I was going to write a different sort of post wrapping up a rad weekend in Portland, a post that was going to be way more sappy and comprehensive. But then I ended up writing nearly 2k words on just one night, so I figured let's limit the scope a bit.
So. Let's talk for a bit about "XOXO."
Oh, I Didn't Know You Were Into EDM?
Before that, I should give a brief explainer of XOXO as a thing, rather than as four letters that may not mean anything to you (1). XOXO is a conference and a festival, held in Portland, OR, organized by two Andies, and loosely structured around independent creatives on the internet.
After a week of having to explain to co-workers why I went to Portland last weekend, that seems to be the best answer I can come up with, but if ya got something better, I'll take it. Also, worth mentioning that it's not, in fact, an EDM festival, as Netflix and my manager seemed to believe (2).
This was my first year attending the festival, and in short I'd say it was amazing, and you should absolutely go to it... if they ever have it again. Which is a mighty big if. Sorry. ¯_(ツ)_/¯
Big & Important
Again, I could write a longer post full of sappy reflections and such, especially given the wide-ranging and hard-to-define nature of the festival. But there's one thing that keeps tumbling around in my brain since this past weekend, that seemed to have an impact on me, and that I really want to congratulate XOXO on.
This is a festival of independent internet creatives, and almost everyone I talked to/read hot-takes from about the festival has said how inspiring it was. How much it changed people's perspectives and made them want to get up and do something.

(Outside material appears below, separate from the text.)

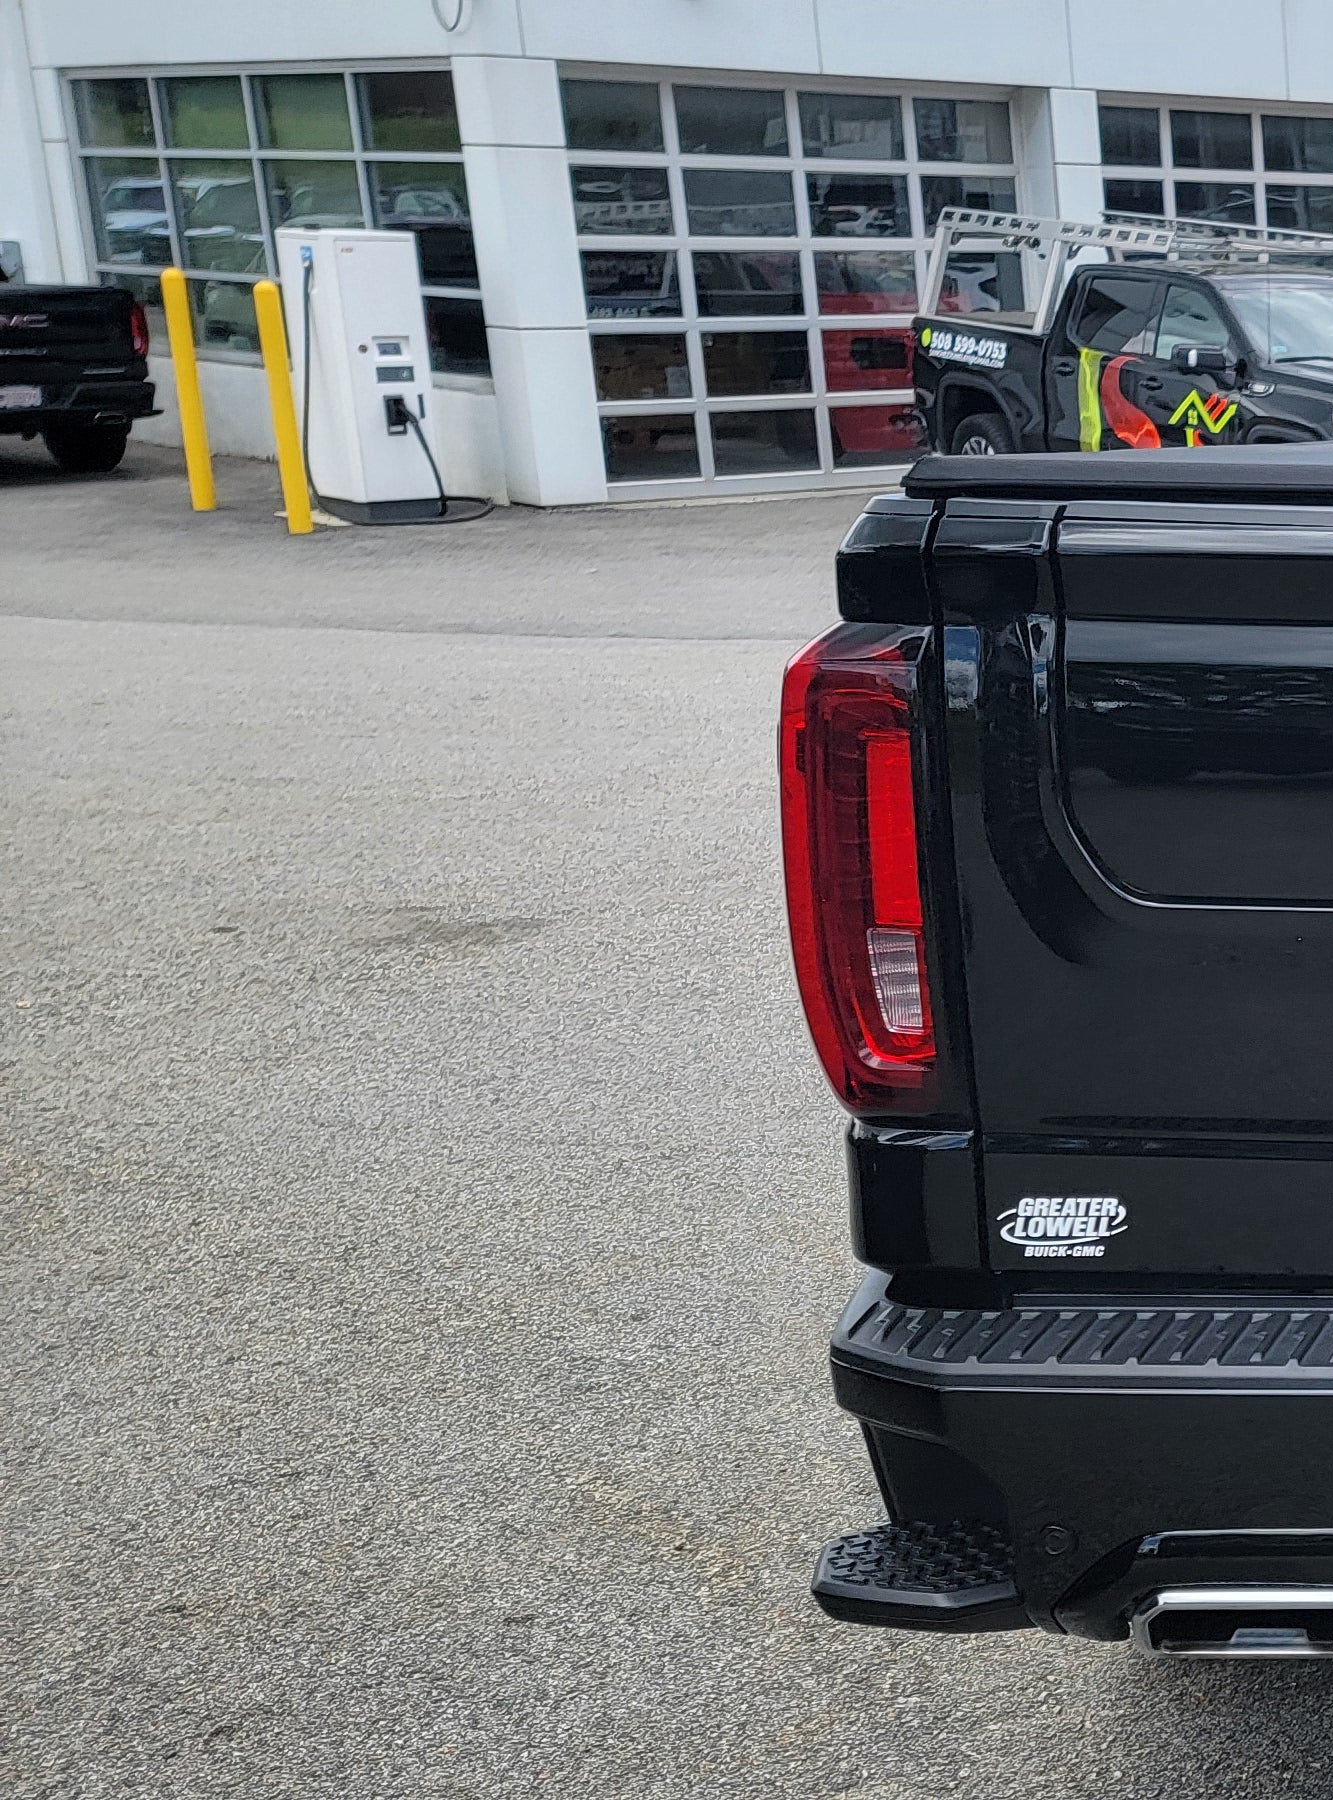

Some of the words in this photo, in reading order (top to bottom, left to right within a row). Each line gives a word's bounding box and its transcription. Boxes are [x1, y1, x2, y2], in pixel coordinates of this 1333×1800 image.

And I agree wholeheartedly. It absolutely was a huge inspiration. But, especially in the liberal, progressive, educated, techie, and (primarily, though not exclusively) affluent circles that are drawn to XOXO, there's often a particular type of thing that is inspiring. Things related to changing the world in some Big-with-a-capital-B and Important-with-a-capital-I way. Things like equality, social justice, economics, technological progress, etc etc.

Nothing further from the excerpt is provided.